Material to process section start

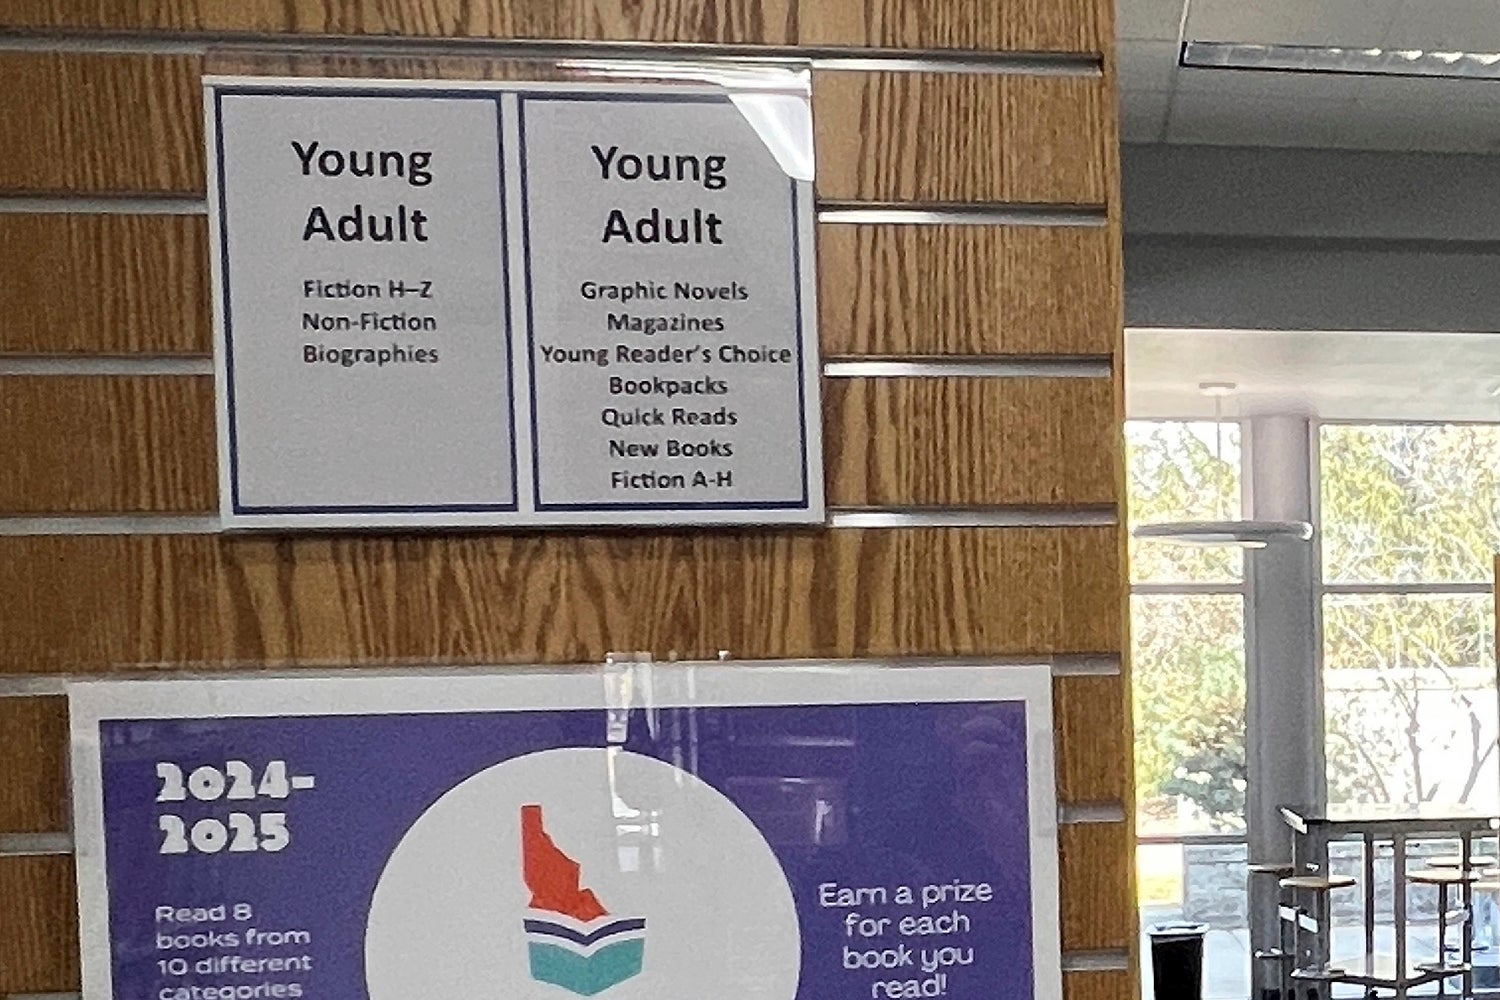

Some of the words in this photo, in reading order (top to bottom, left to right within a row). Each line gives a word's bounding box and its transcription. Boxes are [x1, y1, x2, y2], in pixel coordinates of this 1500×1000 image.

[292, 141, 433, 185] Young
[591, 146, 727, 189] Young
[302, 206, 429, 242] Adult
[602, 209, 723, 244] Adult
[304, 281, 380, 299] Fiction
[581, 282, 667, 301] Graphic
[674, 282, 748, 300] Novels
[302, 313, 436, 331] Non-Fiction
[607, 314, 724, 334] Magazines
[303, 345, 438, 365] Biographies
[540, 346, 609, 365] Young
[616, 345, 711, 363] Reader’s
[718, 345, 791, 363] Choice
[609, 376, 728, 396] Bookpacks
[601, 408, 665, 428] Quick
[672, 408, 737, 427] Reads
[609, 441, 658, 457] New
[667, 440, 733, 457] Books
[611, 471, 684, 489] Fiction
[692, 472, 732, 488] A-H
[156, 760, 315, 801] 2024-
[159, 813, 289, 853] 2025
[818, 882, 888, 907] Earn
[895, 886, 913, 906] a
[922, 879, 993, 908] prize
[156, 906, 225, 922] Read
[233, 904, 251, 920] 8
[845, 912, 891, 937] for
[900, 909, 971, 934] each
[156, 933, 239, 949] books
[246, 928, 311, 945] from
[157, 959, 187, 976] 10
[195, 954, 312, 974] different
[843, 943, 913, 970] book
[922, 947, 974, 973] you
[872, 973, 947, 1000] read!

Material to process section end

_Task goal:_ Only an exact, picture-free copy of the entries counts as the answer.

_Answer box:_
Some of the words in this photo, in reading order (top to bottom, left to right within a row). Each line gives a word's bounding box and its transcription. Boxes are [x1, y1, x2, y2], in pixel coordinates of this 1500×1000 image.

[292, 141, 433, 185] Young
[591, 146, 727, 189] Young
[302, 206, 429, 242] Adult
[602, 209, 723, 244] Adult
[304, 281, 380, 299] Fiction
[581, 282, 667, 301] Graphic
[674, 282, 748, 300] Novels
[302, 313, 436, 331] Non-Fiction
[607, 314, 724, 334] Magazines
[303, 345, 438, 365] Biographies
[540, 346, 609, 365] Young
[616, 345, 711, 363] Reader’s
[718, 345, 791, 363] Choice
[609, 376, 728, 396] Bookpacks
[601, 408, 665, 428] Quick
[672, 408, 737, 427] Reads
[609, 441, 658, 457] New
[667, 440, 733, 457] Books
[611, 471, 684, 489] Fiction
[692, 472, 732, 488] A-H
[156, 760, 315, 801] 2024-
[159, 813, 289, 853] 2025
[818, 882, 888, 907] Earn
[895, 886, 913, 906] a
[922, 879, 993, 908] prize
[156, 906, 225, 922] Read
[233, 904, 251, 920] 8
[845, 912, 891, 937] for
[900, 909, 971, 934] each
[156, 933, 239, 949] books
[246, 928, 311, 945] from
[157, 959, 187, 976] 10
[195, 954, 312, 974] different
[843, 943, 913, 970] book
[922, 947, 974, 973] you
[872, 973, 947, 1000] read!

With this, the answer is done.